APSEC 2024
Tue 3 - Fri 6 December 2024 China

Classifying the bug issue types correctly plays a vital role in improving the quality of the deep learning (DL)-oriented projects. Although prior studies have proposed different approaches based on Pre-Trained Models (PTMs) for issue type classification in traditional GitHub repositories, DL-oriented projects are different from traditional software, especially in terms of bugs with different causes and symptoms. More importantly, these PTMs-based approaches trained on the issue reports are labeled when software users submit, which would be wrong and non-subdivided bug issue types.
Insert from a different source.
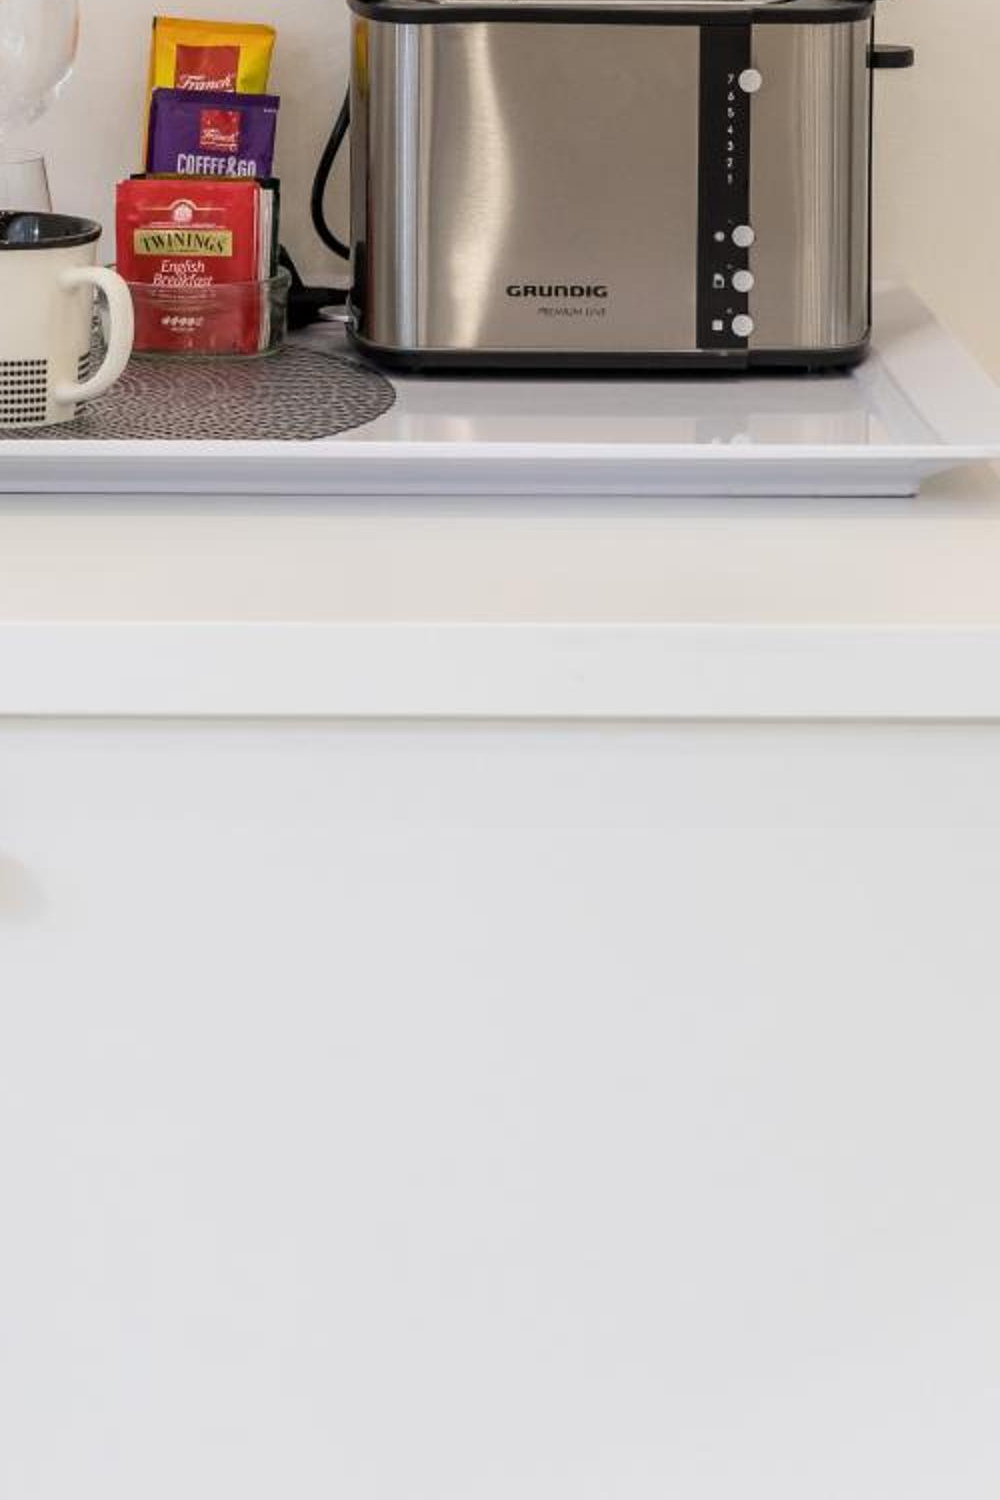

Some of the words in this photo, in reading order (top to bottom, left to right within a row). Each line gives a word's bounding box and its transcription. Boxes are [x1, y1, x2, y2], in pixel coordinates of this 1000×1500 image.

Therefore, an automated approach with the ground-truth bug issue types for labeling issues in DL-oriented projects is necessary for DL software repositories. To fill these gaps, we first manually labeled 9,073 issue reports from 11 DL-oriented projects as the ground truths to establish authentic labels. We then explore the effectiveness of six PTMs on the bug issues identification for the DL software repository. Our findings indicate that i) PTMs (especially BERT) could identify more precise bug issue types of DL software than prior DL approaches in all the datasets. ii) contrary to their performance in traditional software bug classification tasks, Software Engineering (SE) domain-specific PTMs cannot achieve significantly better performance than our compared general PTMs and may even perform worse for the DL bug issue classification. iii) in the cross-framework scenarios, the F1-score of PTMs declined by 18.5% to 19.8%. Despite that the performance is suffered, BERT can still achieve the best results. Conclusively, we propose that PTM-based bug issue classification offers potential for more widespread applications and prompt future studies to further examine and verify the generalizability of PTM-based methods in software engineering.